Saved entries
*** Block opens ***
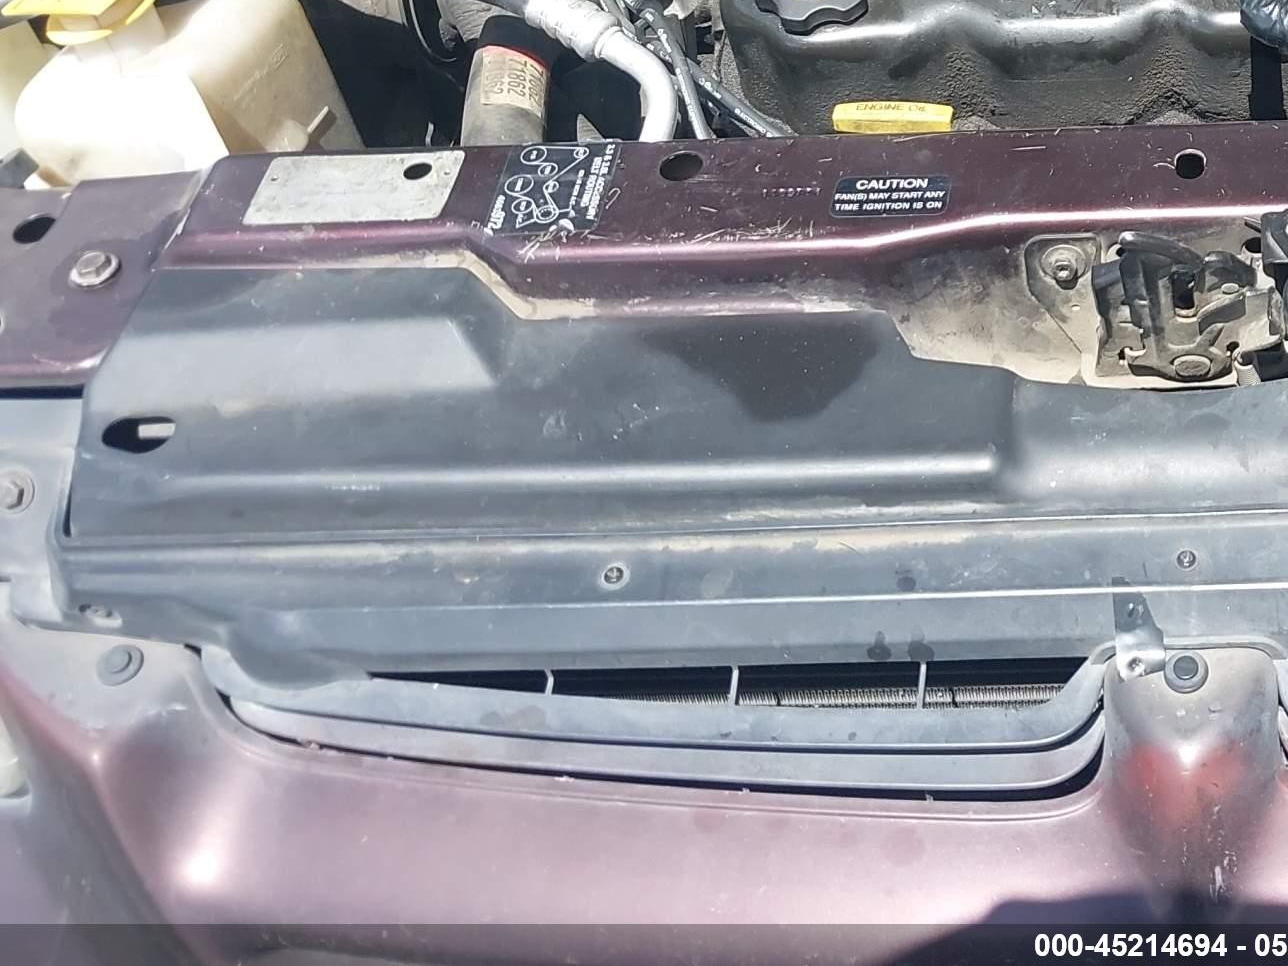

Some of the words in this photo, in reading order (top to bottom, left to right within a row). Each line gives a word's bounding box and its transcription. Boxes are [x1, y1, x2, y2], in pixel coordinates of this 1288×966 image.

[507, 58, 529, 98] 71862
[855, 103, 905, 111] ENGINE
[855, 178, 929, 190] CAUTION
[580, 174, 598, 207] ROUTING
[834, 192, 868, 201] FAN(S)
[868, 192, 891, 200] MAY
[891, 191, 924, 199] START
[923, 190, 946, 198] ANY
[834, 203, 860, 211] TIME
[862, 202, 910, 211] IGNITION
[912, 201, 924, 209] IS
[926, 201, 943, 209] ON
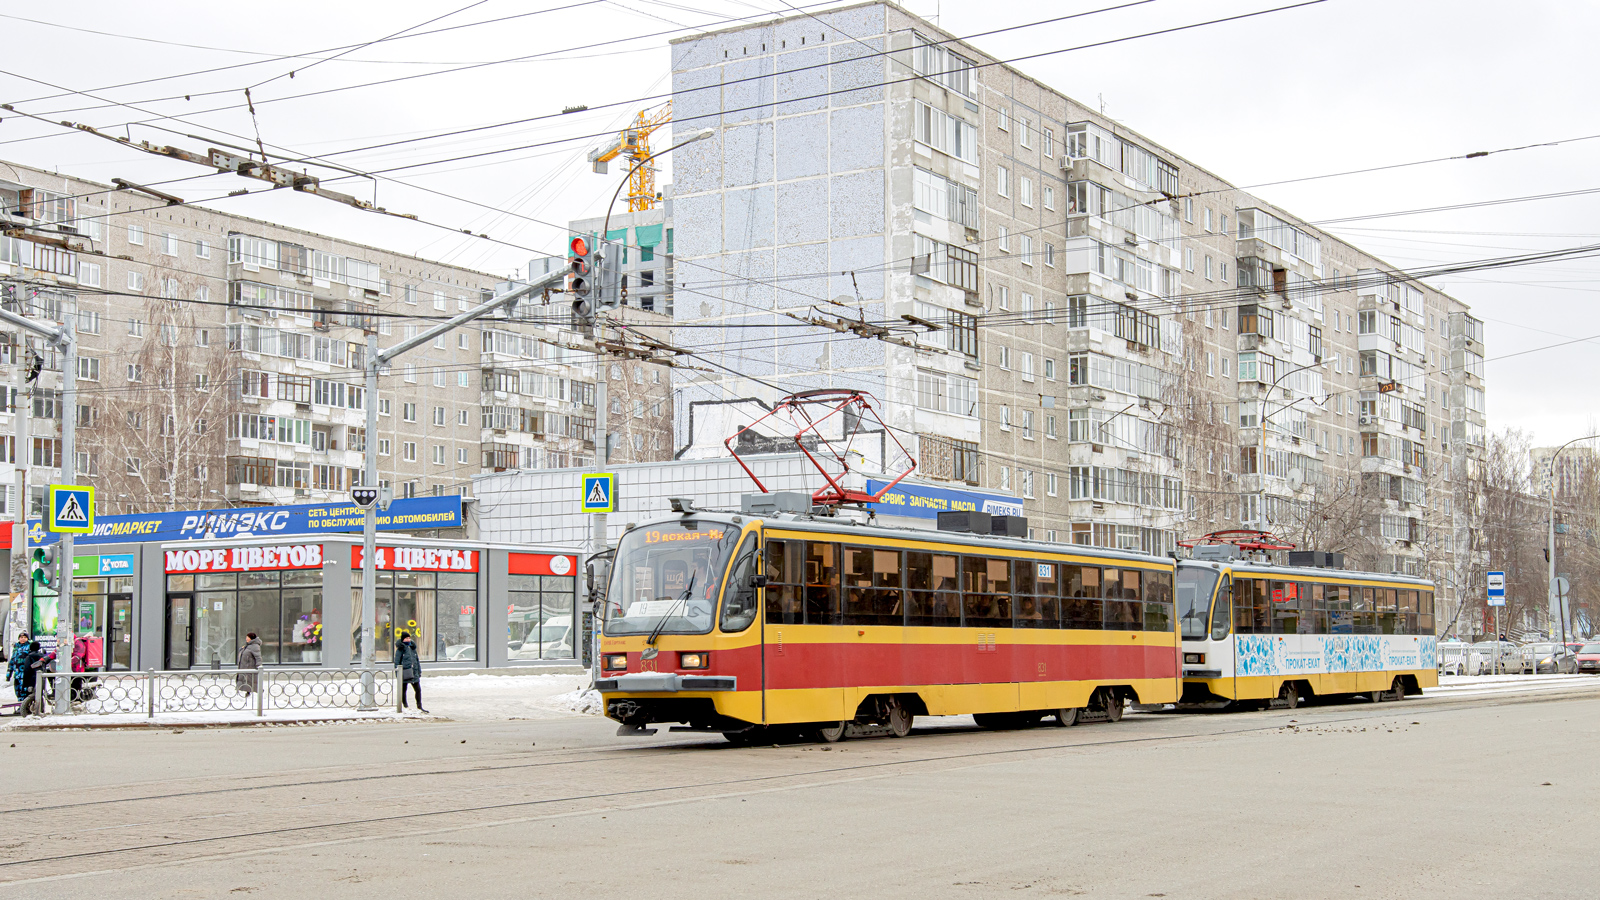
*** Block closes ***
Problem to solve:
An exact copy of the entries, minus the pictures, is what to return.

Problem solution:
Some of the words in this photo, in reading order (top to bottom, left to right within a row). Each line gives a word's bounding box and its transcription. Boxes are [x1, y1, x2, y2], in pixel coordinates of this 1288×966 image.

[507, 58, 529, 98] 71862
[855, 103, 905, 111] ENGINE
[855, 178, 929, 190] CAUTION
[580, 174, 598, 207] ROUTING
[834, 192, 868, 201] FAN(S)
[868, 192, 891, 200] MAY
[891, 191, 924, 199] START
[923, 190, 946, 198] ANY
[834, 203, 860, 211] TIME
[862, 202, 910, 211] IGNITION
[912, 201, 924, 209] IS
[926, 201, 943, 209] ON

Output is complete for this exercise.